According to http://www-fars.nhtsa.dot.gov/Main/index.aspx , cars kill 1.14 people per 100 million passenger miles - or .114 people per 10 million passenger miles.

That's not a huge difference - I actually wonder if the more direct routing and door-to-door service allowed by cars could make up that difference entirely.

> commuter rail kills .09 people per 10 million passenger miles.

The non-suicide number is quite a bit lower, though, by (probably) an order of magnitude. Pedestrians on the tracks in an area they aren't supposed to be, who are struck and killed by trains, are classified in the bucket category of "trespasser" fatalities. Unless they left a note or something it's usually impossible to conclusively say that they were suicides, but the assumption is that the vast majority of trespasser fatalities are suicides, because the number of people struck while trying to steal things or take illegal shortcuts is relatively small. And, trespasser fatalities account for 88% of total commuter-rail fatalities (p. 13 in that report). All other commuter-rail fatalities (passengers, collisions with automobiles, etc.) add up to 0.011 people per 10 million passenger miles.

The way I'm reading table 18, of the 526 commuter-rail fatalities, at most 285 of them are suicide-by-train. As you point out, trespassing is a wide category - it includes things like highway-rail collisions. That 285 number might be high, as it also includes things like a child straying onto the tracks that was hit by a train.

I'm not sure it matters. The automobile statistics seem to include various methods of suicide involving cars. If rail inspires suicide, that's a safety problem.

> The automobile statistics seem to include various methods of suicide involving cars.

I'm not sure they include them equally, though. The most obvious way of killing yourself on train tracks is standing in front of a train, but the most obvious way of killing yourself on a road usually does not involve a car, but involves jumping from a bridge (which doesn't get counted as an automobile fatality).

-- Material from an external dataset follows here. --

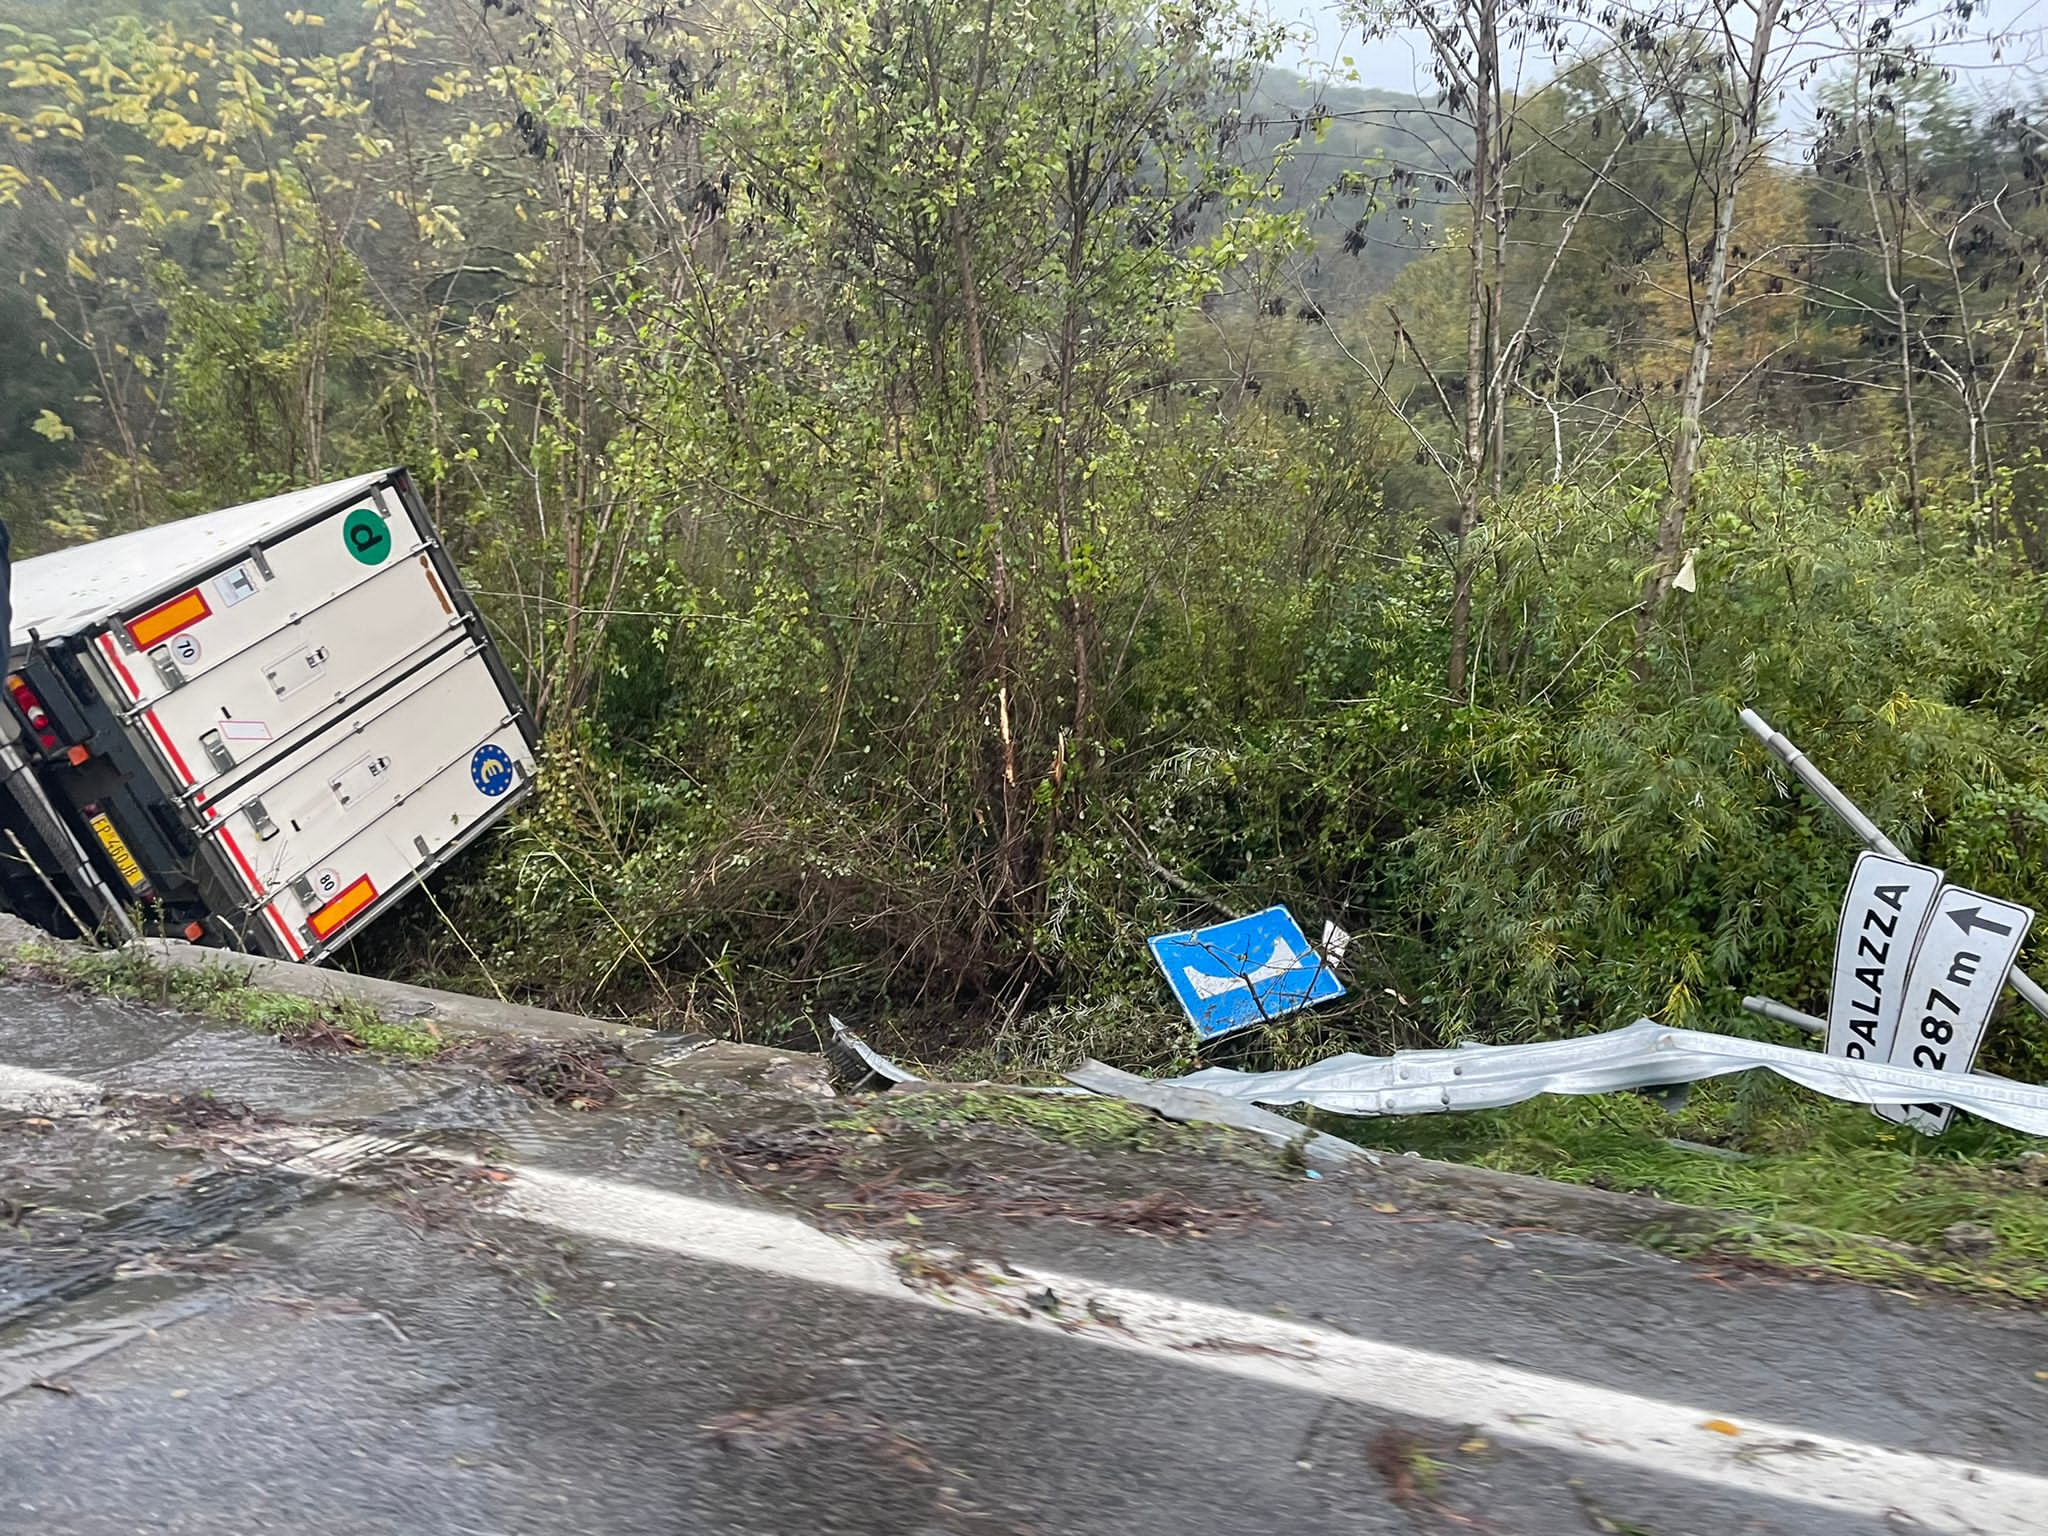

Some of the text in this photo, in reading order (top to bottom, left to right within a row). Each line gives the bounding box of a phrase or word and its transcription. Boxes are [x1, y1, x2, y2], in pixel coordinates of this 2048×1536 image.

[177, 640, 195, 659] 70
[319, 873, 335, 892] 80
[1847, 885, 1910, 1060] PALAZZA
[1947, 951, 1981, 986] m

> If rail inspires suicide, that's a safety problem.

I'm not too sure about that one. If there are a significant number of people who, absent trains, wouldn't kill themselves, that would be significant. But I would guess a larger proportion are just choosing a suicide modality, and if it weren't trains, it'd be jumping from the Golden Gate Bridge, taking pills, etc. It's hard to come up with any real data for that counterfactual, though. I suppose a blunt correlational approach would be to see if there's any correlation between availability of commuter rail and suicide rates, after controlling for other confounding variables. I would guess that there isn't one, but could be wrong.

You're just as dead if you jump from a railroad bridge, though.

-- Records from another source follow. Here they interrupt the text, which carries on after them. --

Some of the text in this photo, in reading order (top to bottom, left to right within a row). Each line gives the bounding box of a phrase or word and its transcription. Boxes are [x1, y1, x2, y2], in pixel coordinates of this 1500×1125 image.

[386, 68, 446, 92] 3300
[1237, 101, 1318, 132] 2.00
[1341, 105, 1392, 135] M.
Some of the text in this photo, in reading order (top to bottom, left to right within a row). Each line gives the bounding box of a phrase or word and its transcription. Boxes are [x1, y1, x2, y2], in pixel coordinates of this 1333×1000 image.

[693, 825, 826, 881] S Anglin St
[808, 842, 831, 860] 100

http://www.fra.dot.gov/downloads/safety/tdreport_final.pdf

is a Federal Railroad Administration report that breaks down the cause of trespasser fatalities. This isn't 100% comparable to the previous report, but it does claim that 23% of trespasser fatalities are suicides.

Appendix H breaks down the reported fatalities - it looks like walking and sleeping (drunk?) on tracks each claim more lives than suicide.

One really interesting story is the massive increase in car safety. Deaths per 100M vehicle miles have dropped from 1.73 in 1994 to about 1.09 in 2010.

Fundamentally, I'm not sure any of this matters. We're talking a very small difference in safety - to the point where convenience is probably more important to most people.